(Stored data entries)
>>>

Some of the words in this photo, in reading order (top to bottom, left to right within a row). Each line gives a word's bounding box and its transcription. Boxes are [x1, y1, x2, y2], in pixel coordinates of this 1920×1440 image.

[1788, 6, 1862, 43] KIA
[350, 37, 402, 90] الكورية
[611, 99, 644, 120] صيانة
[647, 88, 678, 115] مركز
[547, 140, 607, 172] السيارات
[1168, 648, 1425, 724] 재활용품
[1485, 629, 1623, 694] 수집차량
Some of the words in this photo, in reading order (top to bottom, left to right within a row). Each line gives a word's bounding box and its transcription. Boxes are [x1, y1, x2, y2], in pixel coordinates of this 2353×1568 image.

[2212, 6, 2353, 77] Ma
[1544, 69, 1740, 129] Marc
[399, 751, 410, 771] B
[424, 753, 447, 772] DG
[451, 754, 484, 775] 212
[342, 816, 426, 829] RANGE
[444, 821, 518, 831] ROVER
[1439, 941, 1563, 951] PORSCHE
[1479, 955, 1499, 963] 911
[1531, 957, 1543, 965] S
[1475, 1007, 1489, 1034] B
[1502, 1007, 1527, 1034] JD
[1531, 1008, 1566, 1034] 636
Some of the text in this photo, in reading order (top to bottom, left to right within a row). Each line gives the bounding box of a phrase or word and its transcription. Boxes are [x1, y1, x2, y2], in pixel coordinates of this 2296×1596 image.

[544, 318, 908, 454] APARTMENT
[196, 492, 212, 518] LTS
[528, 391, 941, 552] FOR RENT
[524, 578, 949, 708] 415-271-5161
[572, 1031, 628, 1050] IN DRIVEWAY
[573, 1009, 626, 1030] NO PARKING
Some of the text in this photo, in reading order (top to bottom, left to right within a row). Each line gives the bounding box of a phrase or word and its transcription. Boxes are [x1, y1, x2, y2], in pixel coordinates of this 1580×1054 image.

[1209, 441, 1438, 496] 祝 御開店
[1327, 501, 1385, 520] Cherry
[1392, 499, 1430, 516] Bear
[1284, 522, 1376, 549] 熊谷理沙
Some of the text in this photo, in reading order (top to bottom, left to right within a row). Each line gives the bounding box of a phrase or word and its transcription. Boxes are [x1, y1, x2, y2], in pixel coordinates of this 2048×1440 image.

<<<

- _Task item_:
Quote all the records. Keep every word exact.

- _Solution_:
Some of the words in this photo, in reading order (top to bottom, left to right within a row). Each line gives a word's bounding box and its transcription. Boxes are [x1, y1, x2, y2], in pixel coordinates of this 1920×1440 image.

[1788, 6, 1862, 43] KIA
[350, 37, 402, 90] الكورية
[611, 99, 644, 120] صيانة
[647, 88, 678, 115] مركز
[547, 140, 607, 172] السيارات
[1168, 648, 1425, 724] 재활용품
[1485, 629, 1623, 694] 수집차량
Some of the words in this photo, in reading order (top to bottom, left to right within a row). Each line gives a word's bounding box and its transcription. Boxes are [x1, y1, x2, y2], in pixel coordinates of this 2353×1568 image.

[2212, 6, 2353, 77] Ma
[1544, 69, 1740, 129] Marc
[399, 751, 410, 771] B
[424, 753, 447, 772] DG
[451, 754, 484, 775] 212
[342, 816, 426, 829] RANGE
[444, 821, 518, 831] ROVER
[1439, 941, 1563, 951] PORSCHE
[1479, 955, 1499, 963] 911
[1531, 957, 1543, 965] S
[1475, 1007, 1489, 1034] B
[1502, 1007, 1527, 1034] JD
[1531, 1008, 1566, 1034] 636
Some of the text in this photo, in reading order (top to bottom, left to right within a row). Each line gives the bounding box of a phrase or word and its transcription. Boxes are [x1, y1, x2, y2], in pixel coordinates of this 2296×1596 image.

[544, 318, 908, 454] APARTMENT
[196, 492, 212, 518] LTS
[528, 391, 941, 552] FOR RENT
[524, 578, 949, 708] 415-271-5161
[572, 1031, 628, 1050] IN DRIVEWAY
[573, 1009, 626, 1030] NO PARKING
Some of the text in this photo, in reading order (top to bottom, left to right within a row). Each line gives the bounding box of a phrase or word and its transcription. Boxes are [x1, y1, x2, y2], in pixel coordinates of this 1580×1054 image.

[1209, 441, 1438, 496] 祝 御開店
[1327, 501, 1385, 520] Cherry
[1392, 499, 1430, 516] Bear
[1284, 522, 1376, 549] 熊谷理沙
Some of the text in this photo, in reading order (top to bottom, left to right within a row). Each line gives the bounding box of a phrase or word and its transcription. Boxes are [x1, y1, x2, y2], in pixel coordinates of this 2048×1440 image.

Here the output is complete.